---- Records for this exercise

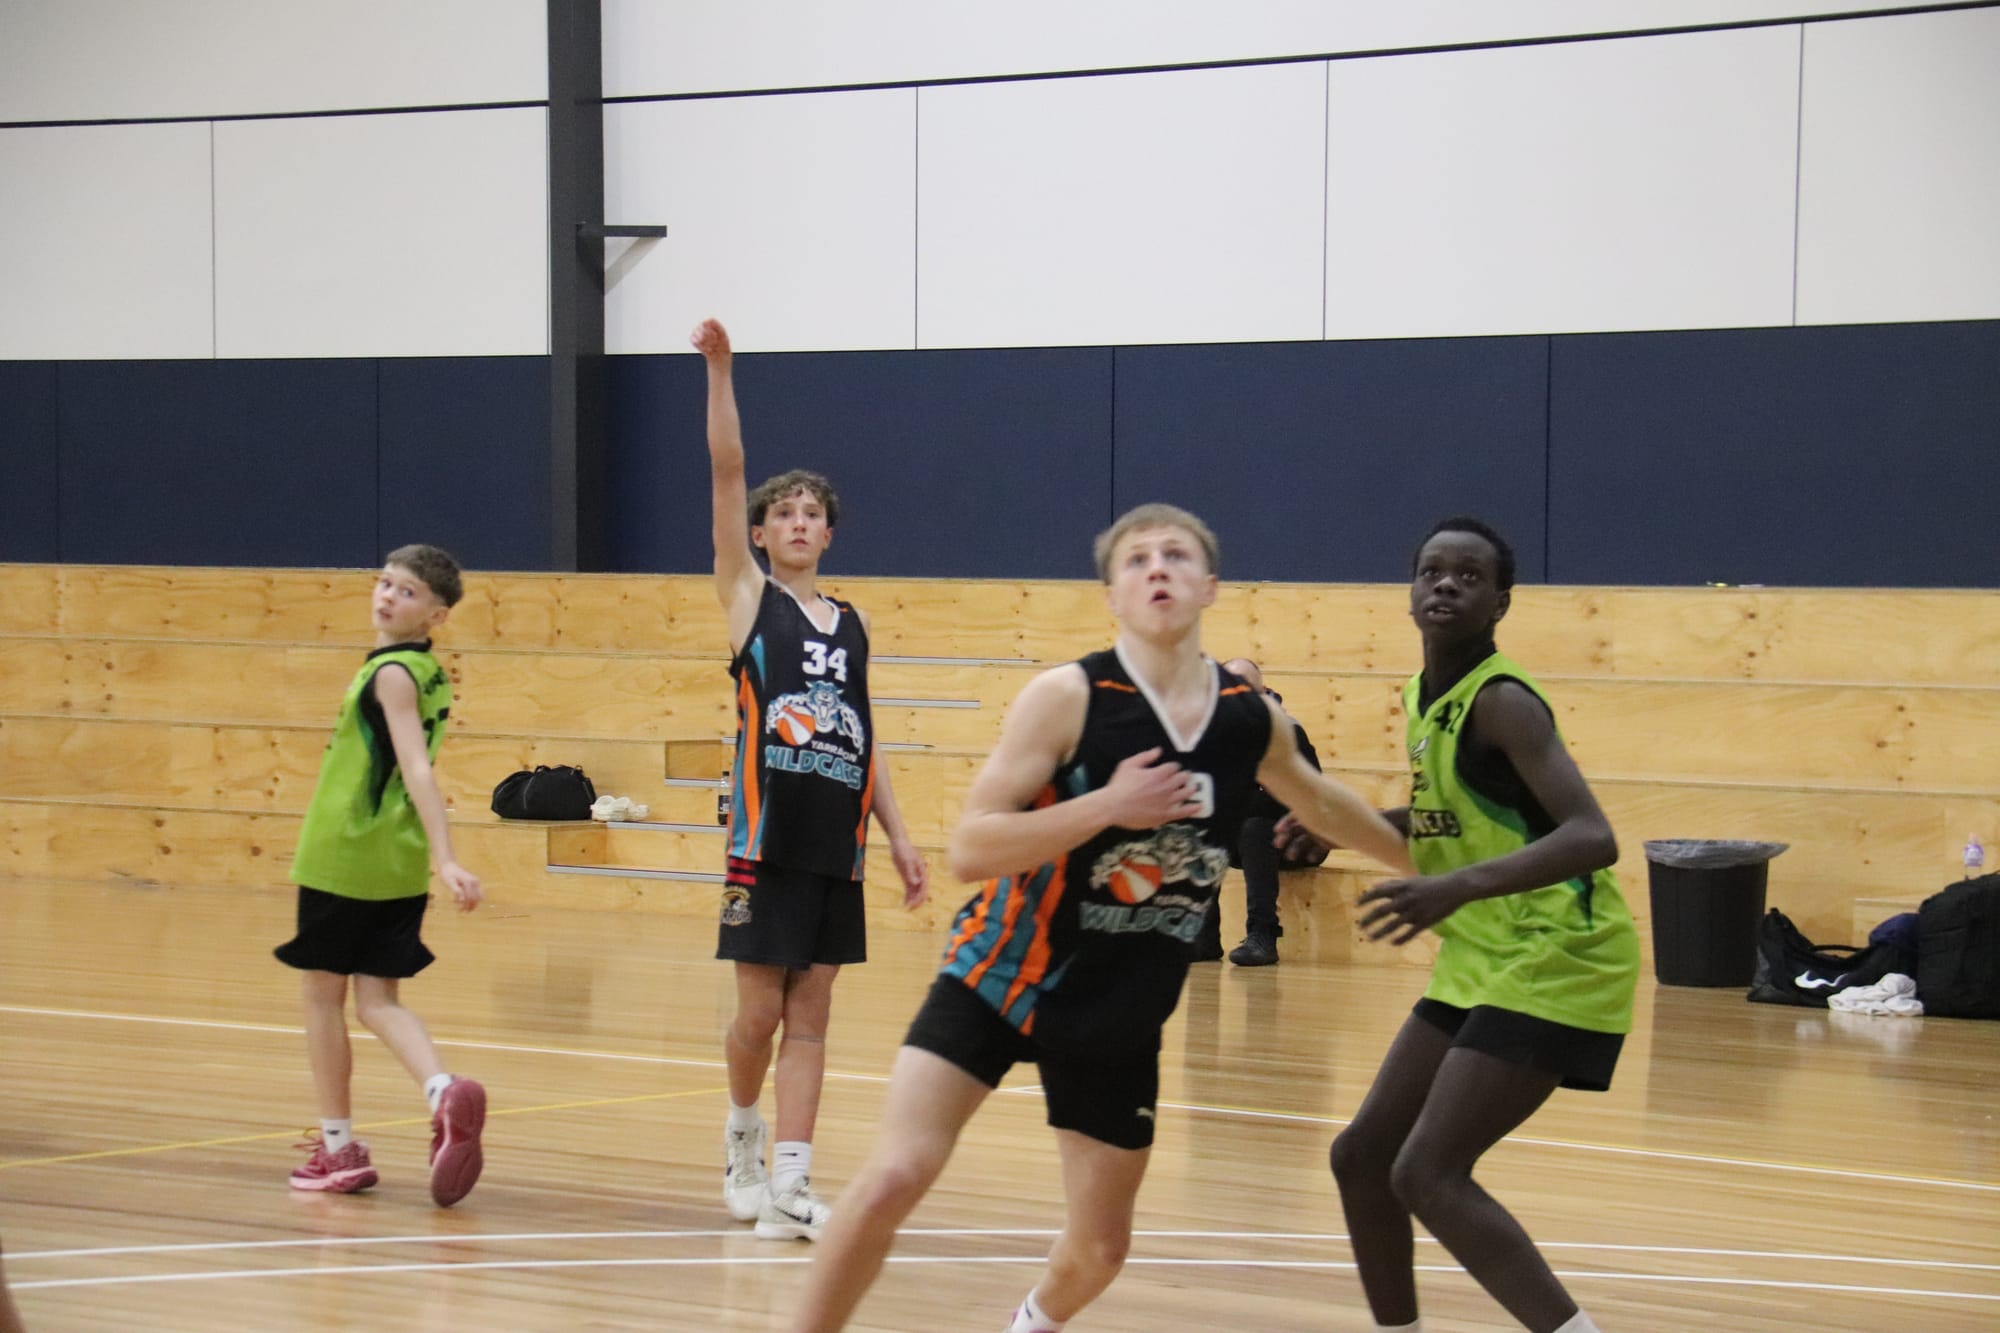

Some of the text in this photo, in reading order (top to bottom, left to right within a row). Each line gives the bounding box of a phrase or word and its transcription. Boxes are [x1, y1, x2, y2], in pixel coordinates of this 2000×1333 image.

[802, 640, 848, 682] 34
[765, 745, 863, 790] WILDCAS
[811, 740, 858, 762] YARRAON
[1080, 901, 1205, 943] WILDCA

--------

→ What is required
The result should be the full set of entries above, restated exactly and without images.

→ Worked solution
Some of the text in this photo, in reading order (top to bottom, left to right within a row). Each line gives the bounding box of a phrase or word and its transcription. Boxes are [x1, y1, x2, y2], in pixel coordinates of this 2000×1333 image.

[802, 640, 848, 682] 34
[765, 745, 863, 790] WILDCAS
[811, 740, 858, 762] YARRAON
[1080, 901, 1205, 943] WILDCA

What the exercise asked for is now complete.